6.7 General Aspects of CMT Pathogenesis
As listed here, there are many genes and mutations reported to be involved in the pathogenesis of demyelinating CMT diseases. In each subgroup, further detail in our understanding of the function of the affected genes in physiology and pathology is required. However, to develop therapeutic strategies for CMT diseases, it would be advantageous to perceive the pathogenesis of the disease from the point of view of generalized pathways involved in demyelinating CMT.
In a simplified summary, the mechanisms underlying demyelinating CMT involve disruption of the membrane structure or accumulation of abnormal or overexpressed proteins. Furthermore, disruption of the membrane can be caused by a lack of components, which usually is prominent in recessively inherited conditions, or the presence of abnormal (or excessive) proteins, by which the physiological molecular interaction in the membrane is disturbed in a dominantly inherited manner.
Accumulation of myelin or membrane proteins may exert harmful effects upon Schwann cells through various pathways. To understand those pathways, it is important to understand the physiological protein quality control mechanisms within Schwann cells. It has been reported that up to 80 % of the newly synthesized PMP22 is degraded within 30 min via the proteasome, because of misfolding of the protein or excessive production (Ryan et al. 2002). Such high turnover maintenance of myelin protein is one of the reasons that dysfunction of the degradative pathways can lead to accumulation of the protein. During the process of myelination and remyelination, transactivation of myelin proteins is upregulated, so that heterogeneous mutations can result in excessive levels of myelin proteins, which cannot be integrated into the myelin membrane and are destined to be degraded. Figure 6.1 summarizes the intracellular systems that handle misfolded or excessive proteins.

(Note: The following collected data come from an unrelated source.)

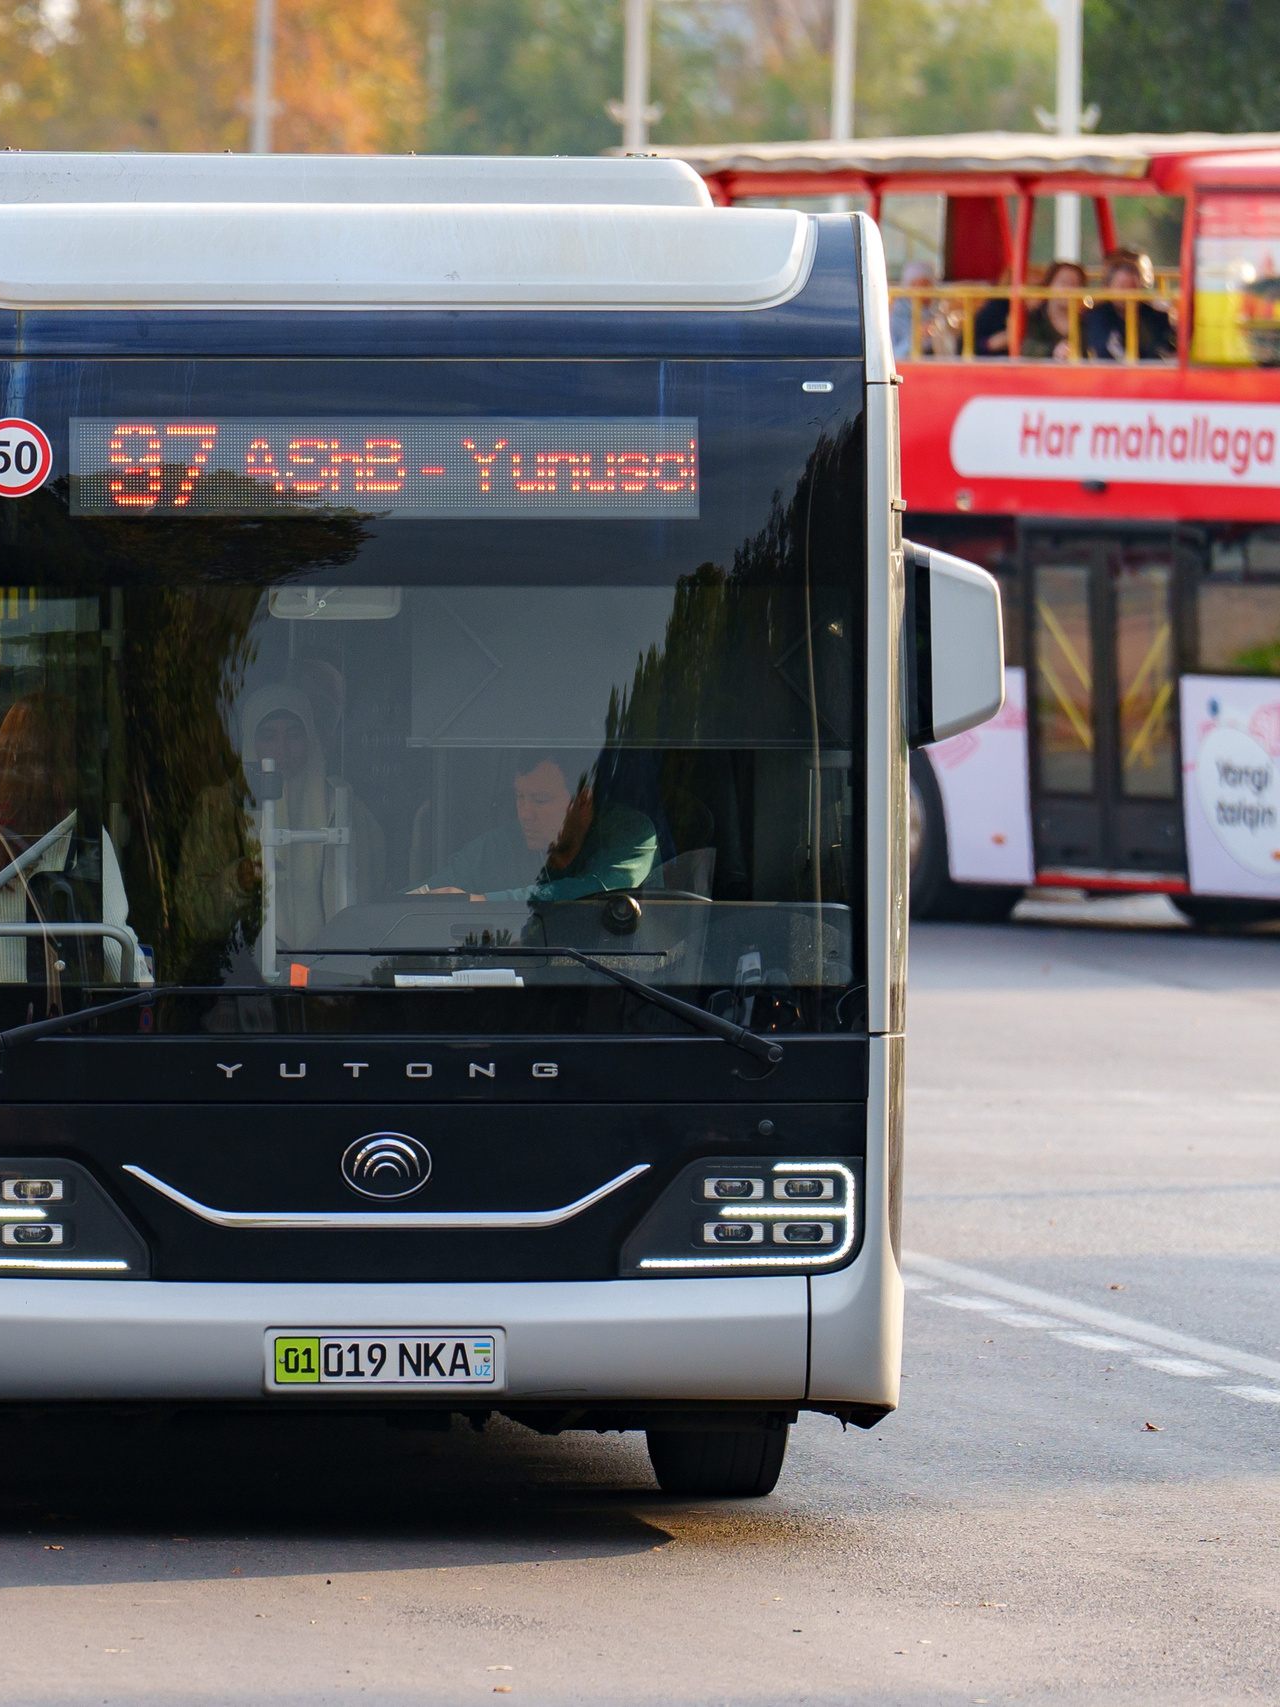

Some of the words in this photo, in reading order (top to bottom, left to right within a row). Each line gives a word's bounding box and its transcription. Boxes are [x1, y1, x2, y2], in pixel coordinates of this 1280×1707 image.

[1020, 410, 1081, 459] Har
[1089, 412, 1276, 475] mahallaga
[110, 426, 217, 505] 97
[462, 439, 695, 491] Yunuso
[216, 1062, 559, 1078] YUTONG
[284, 1347, 315, 1374] 01
[323, 1342, 388, 1377] 019
[398, 1342, 472, 1377] NKA
[474, 1364, 491, 1376] UZ
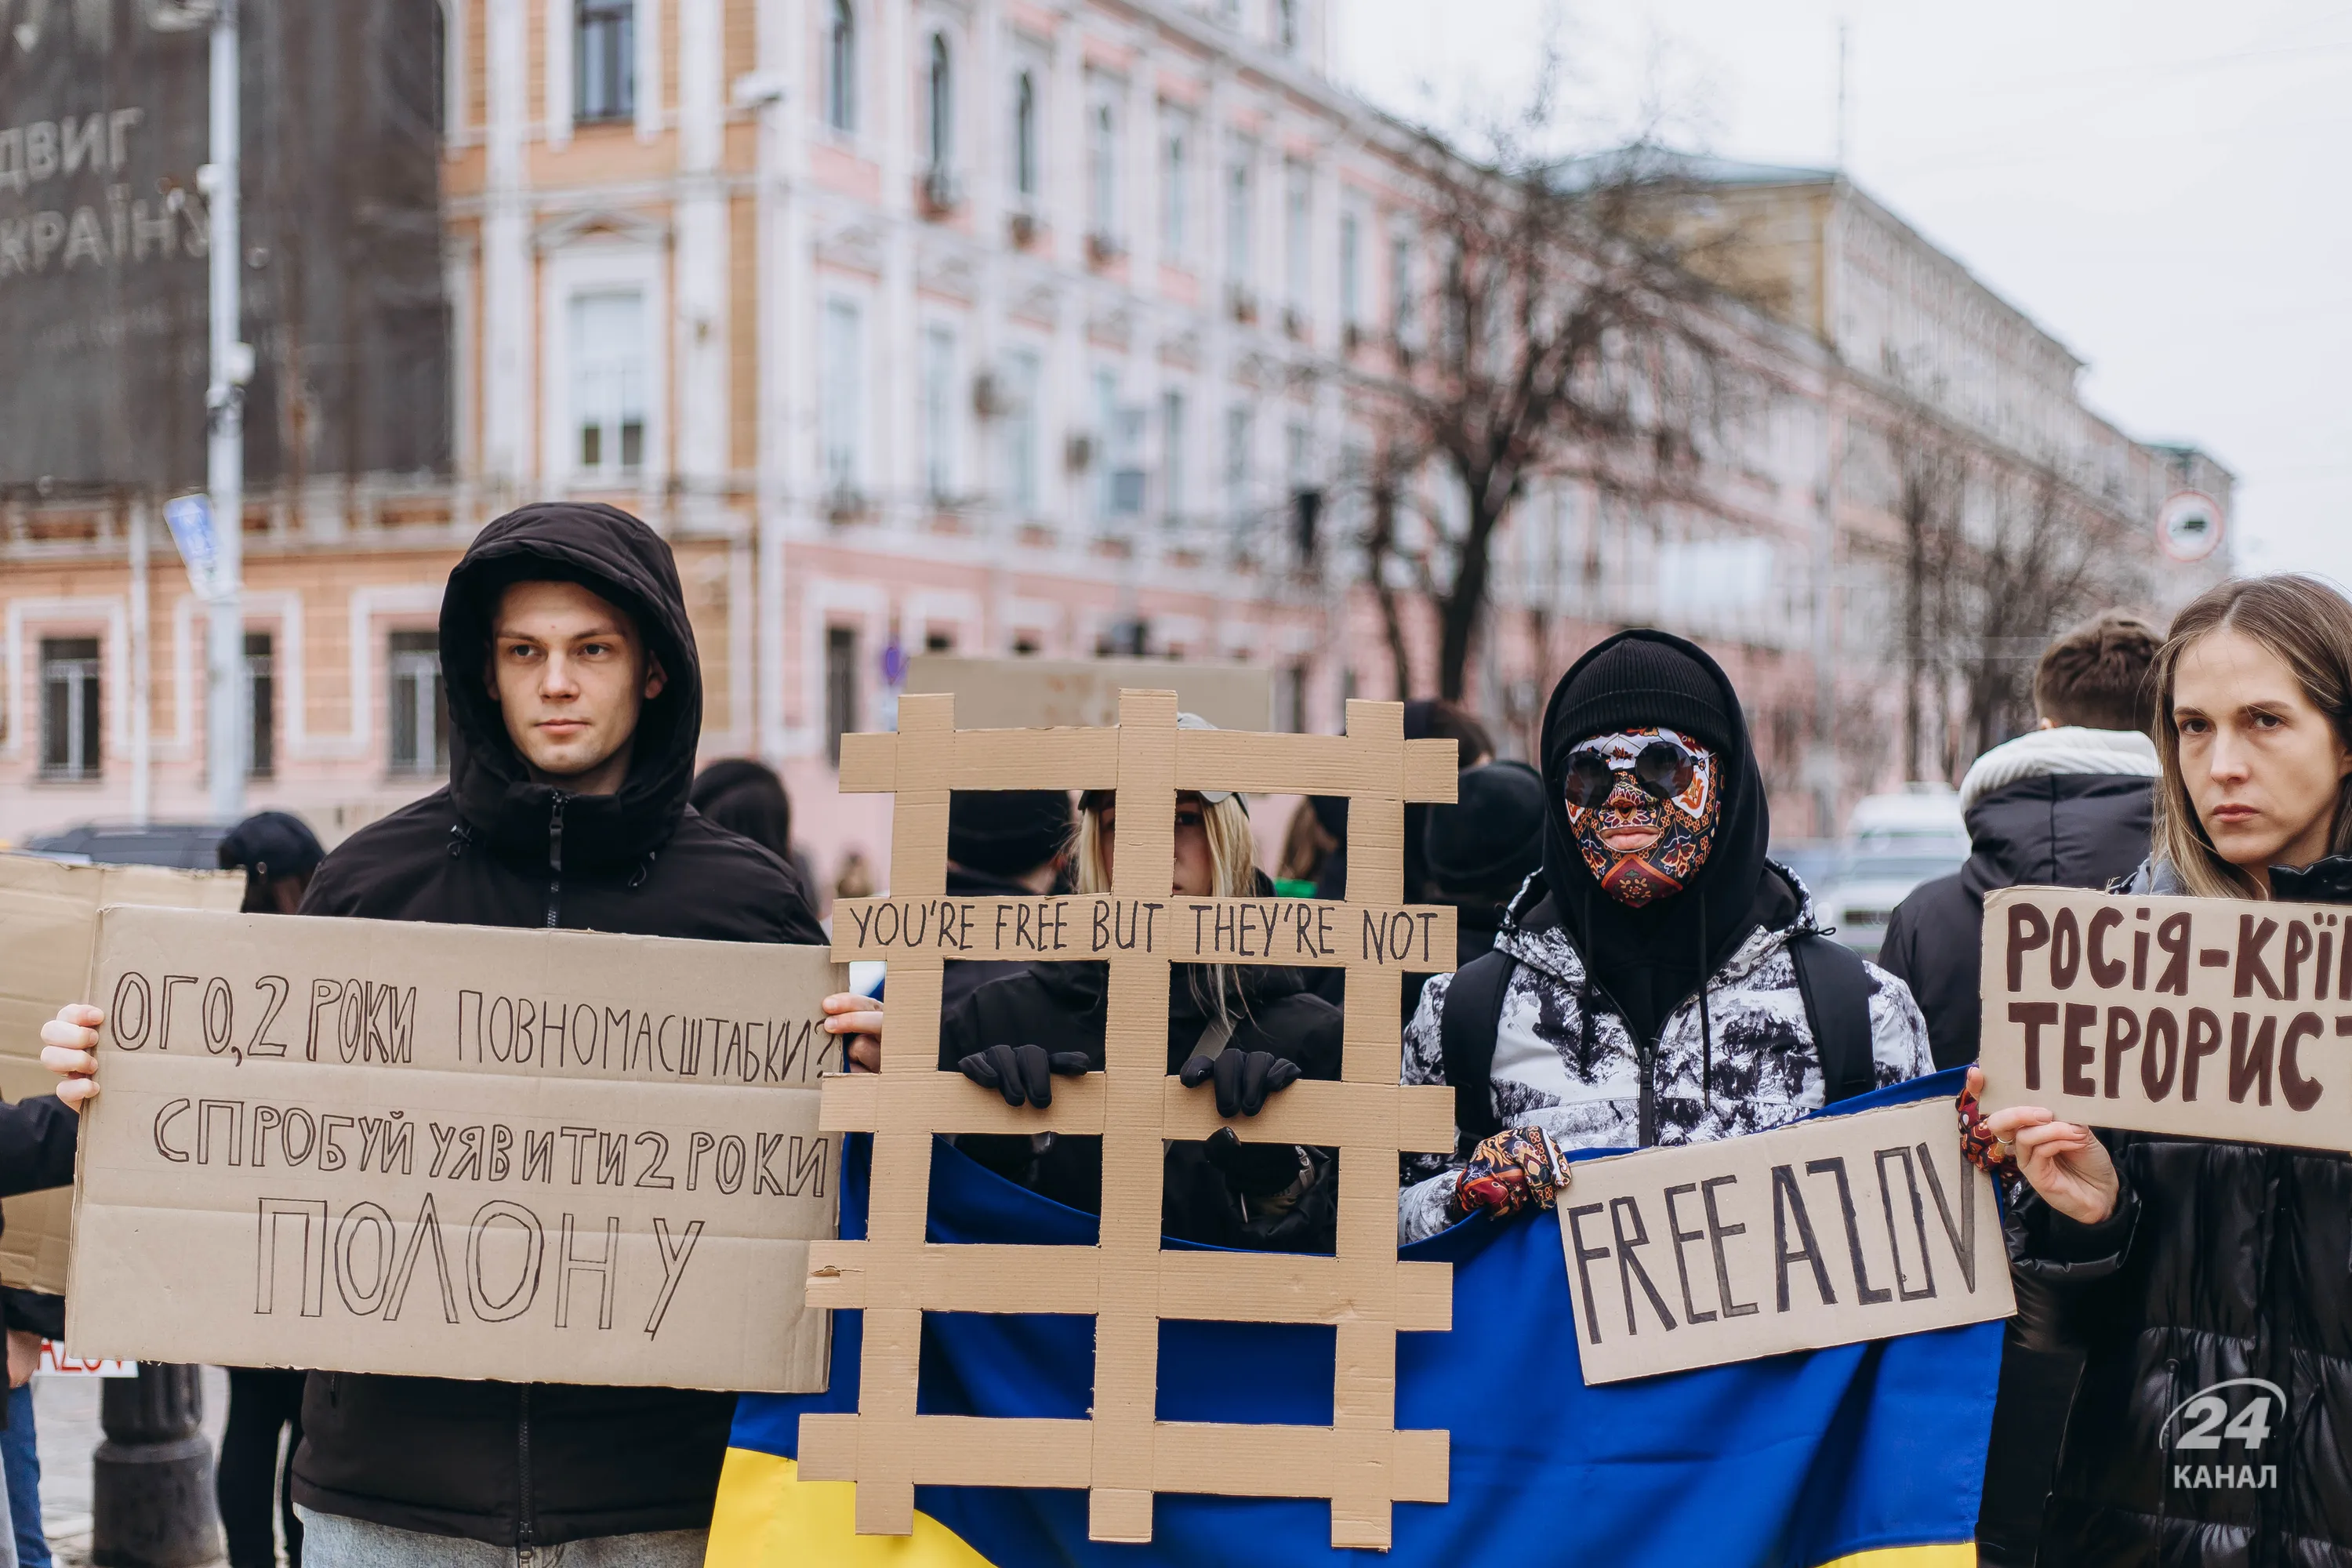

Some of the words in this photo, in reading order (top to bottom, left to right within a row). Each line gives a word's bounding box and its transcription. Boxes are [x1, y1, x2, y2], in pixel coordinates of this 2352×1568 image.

Pathways for protein degradation in Schwann cells. The production of myelin proteins is tightly regulated with several pathways to degrade undesired proteins. Many causative genes in Charcot-Marie-Tooth (CMT) diseases are related to these pathways, indicating their importance. ER endoplasmic reticulum, ERAD ER-associated degradation, Ub ubiquitination, ROS reactive oxygen species
6.7.1 UPR at ER
Misfolded myelin proteins are retained in the ER and their accumulation activates the unfolded protein response (UPR), characterized by activation of Ire-1, Perk, and ATF6 pathways (Ron and Walter 2007). As an adaptive response, UPR induces specific chaperone expression and at the same time reduces translation, to prevent further accumulation of the unfolded proteins. Transgenic mice models overexpressing wild or mutant forms of MPZ showed that although the S63del mutant is retained in the ER and induces the UPR response, normal MPZ, another MPZ mutant (S63C), and the Trembler-J mutant of PMP22 do not activate the UPR (Pennuto et al. 2008). Although the UPR itself is a physiological component of cell maintenance, severe ER stress can also induce the pro-apoptotic molecule, CHOP. In general, induction of CHOP expression after ER stress triggers the cell death program to eliminate the affected cells. The involvement of CHOP in the pathogenesis of the MPZ S63del is proven by the fact that ablation of Chop from S63del-transgenic mice results in a reduction of demyelinating lesions. Interestingly, the number of Schwann cells is not altered significantly by the absence of CHOP; it is now understood that activation of the CHOP pathway induces dysfunction of Schwann cells, which is independent of cell death (Pennuto et al. 2008).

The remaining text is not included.